EXERCISE DIRECTIONS
Each line of the data below goes into the copy exactly; pictures do not.
Top of TASK DATA
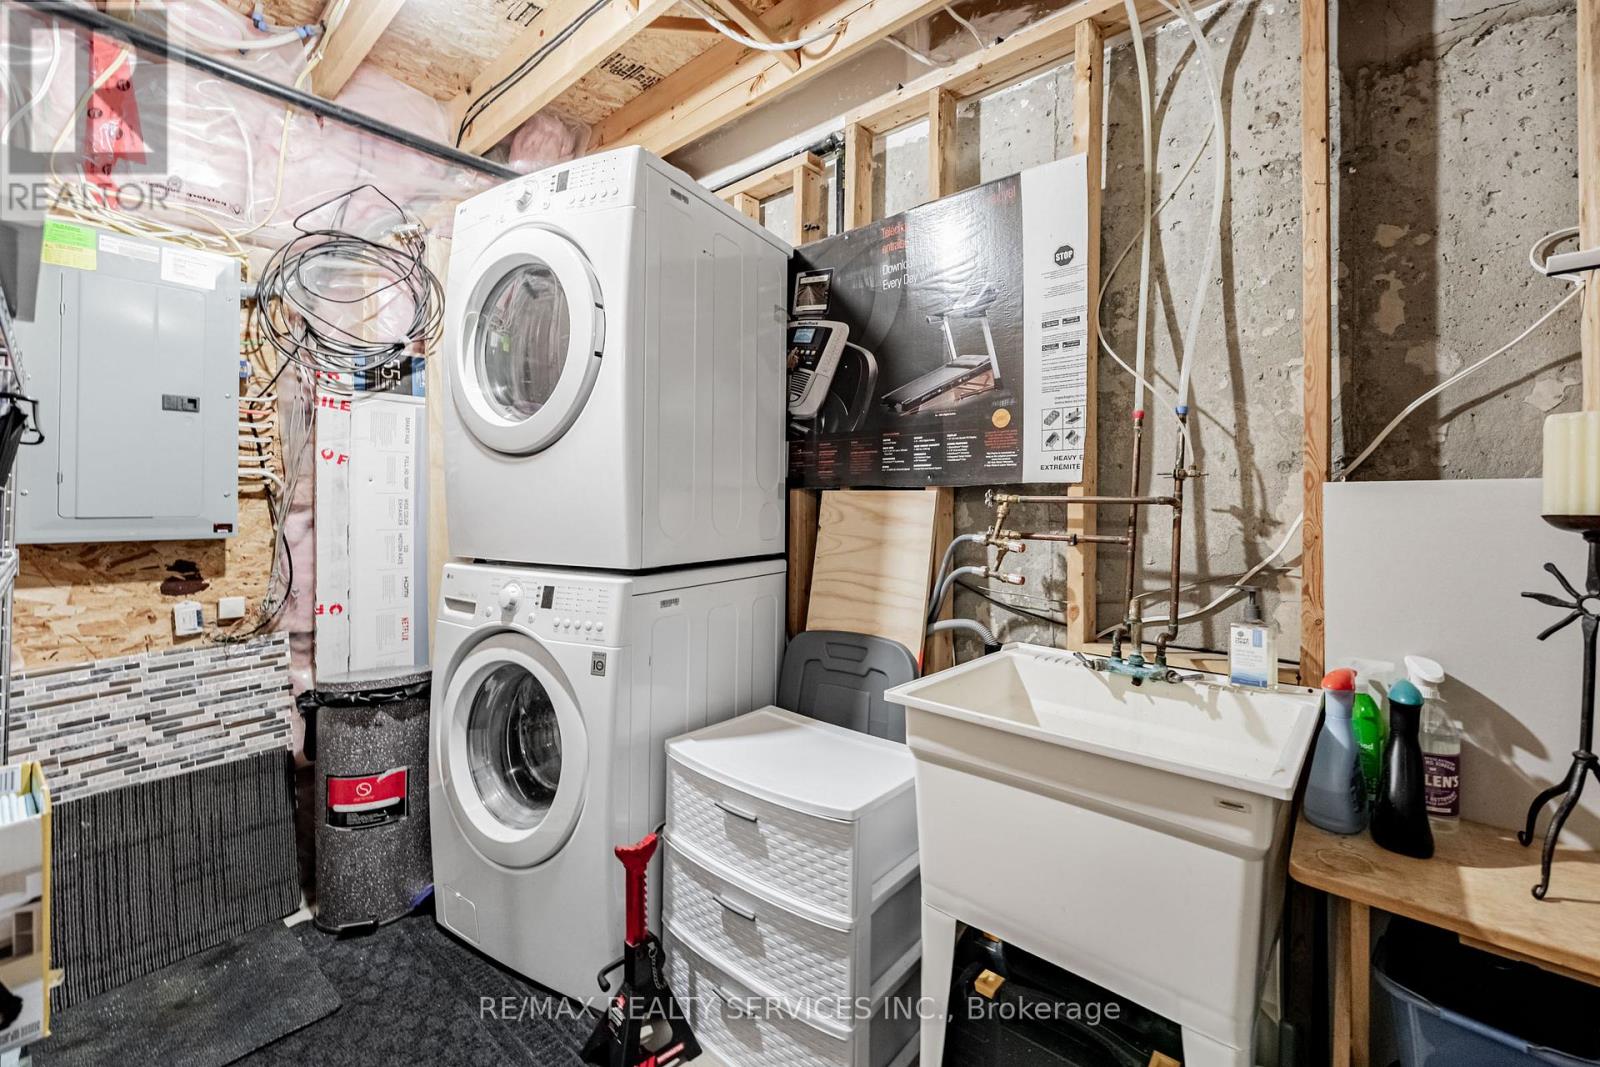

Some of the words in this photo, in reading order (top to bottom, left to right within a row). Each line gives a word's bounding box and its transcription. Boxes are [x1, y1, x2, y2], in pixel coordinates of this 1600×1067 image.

[1055, 249, 1074, 263] STOP
[882, 277, 903, 291] Every
[1053, 454, 1077, 462] HEAVY
[401, 617, 409, 641] NETFLIX
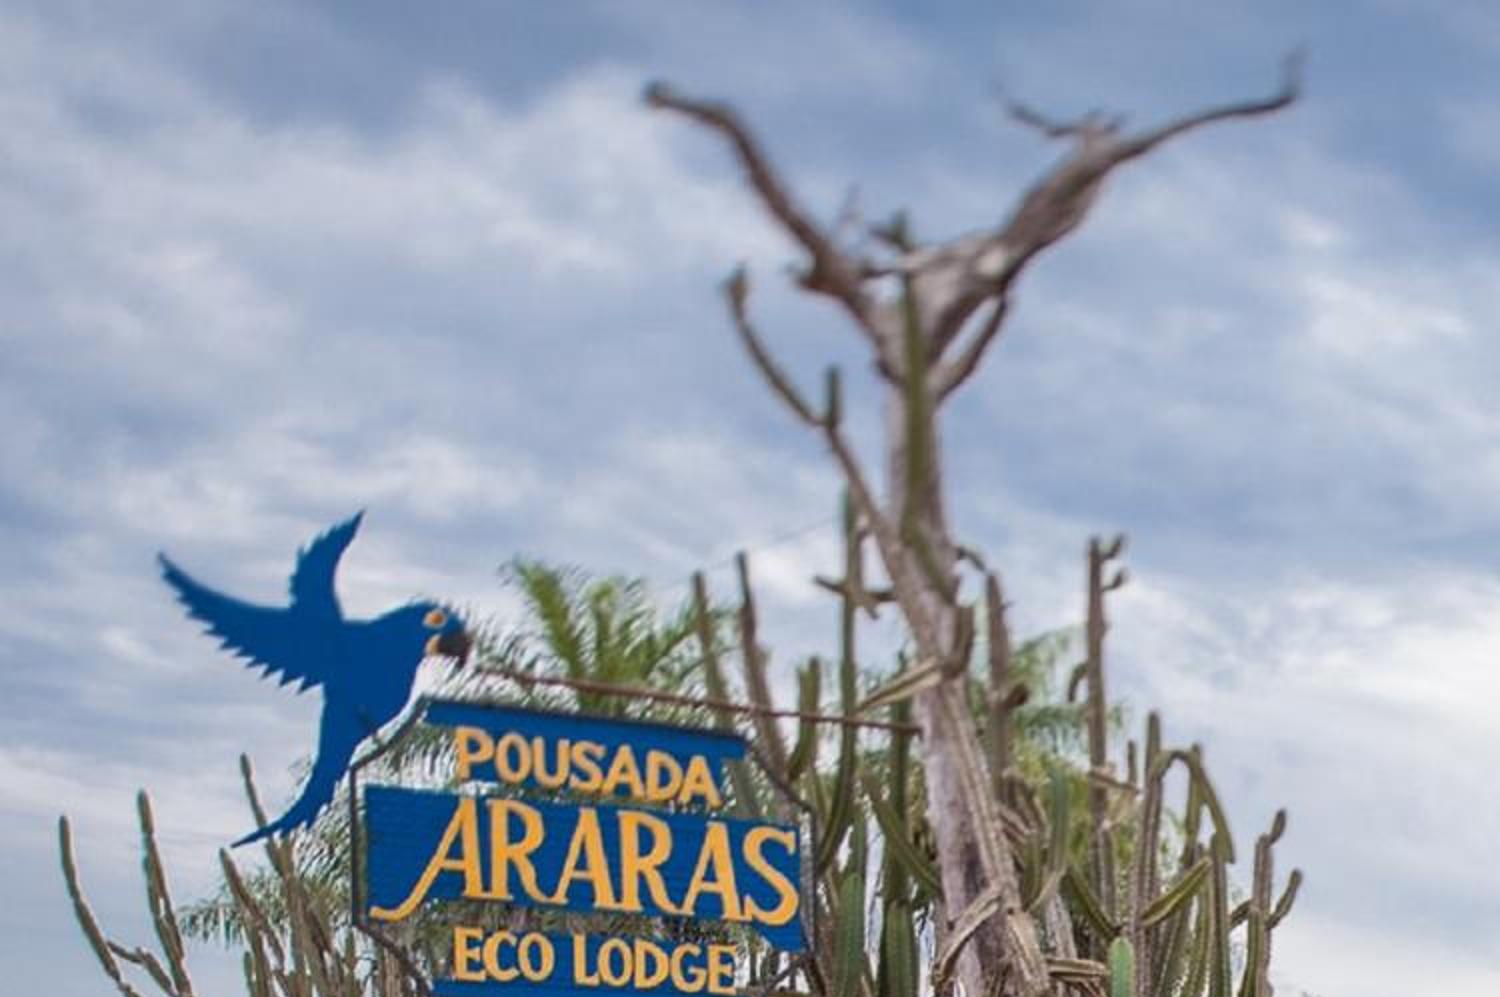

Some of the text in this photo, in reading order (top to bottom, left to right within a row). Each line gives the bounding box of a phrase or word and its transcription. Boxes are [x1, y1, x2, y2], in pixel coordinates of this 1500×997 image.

[455, 726, 722, 808] POUSADA
[369, 797, 800, 927] ARARAS
[453, 926, 738, 995] ECO LODGE
Bottom of TASK DATA
RESULT
Some of the words in this photo, in reading order (top to bottom, left to right within a row). Each line gives a word's bounding box and its transcription. Boxes are [x1, y1, x2, y2], in pixel coordinates of this 1600×1067 image.

[1055, 249, 1074, 263] STOP
[882, 277, 903, 291] Every
[1053, 454, 1077, 462] HEAVY
[401, 617, 409, 641] NETFLIX

Some of the text in this photo, in reading order (top to bottom, left to right within a row). Each line gives the bounding box of a phrase or word and its transcription. Boxes are [x1, y1, x2, y2], in pixel coordinates of this 1500×997 image.

[455, 726, 722, 808] POUSADA
[369, 797, 800, 927] ARARAS
[453, 926, 738, 995] ECO LODGE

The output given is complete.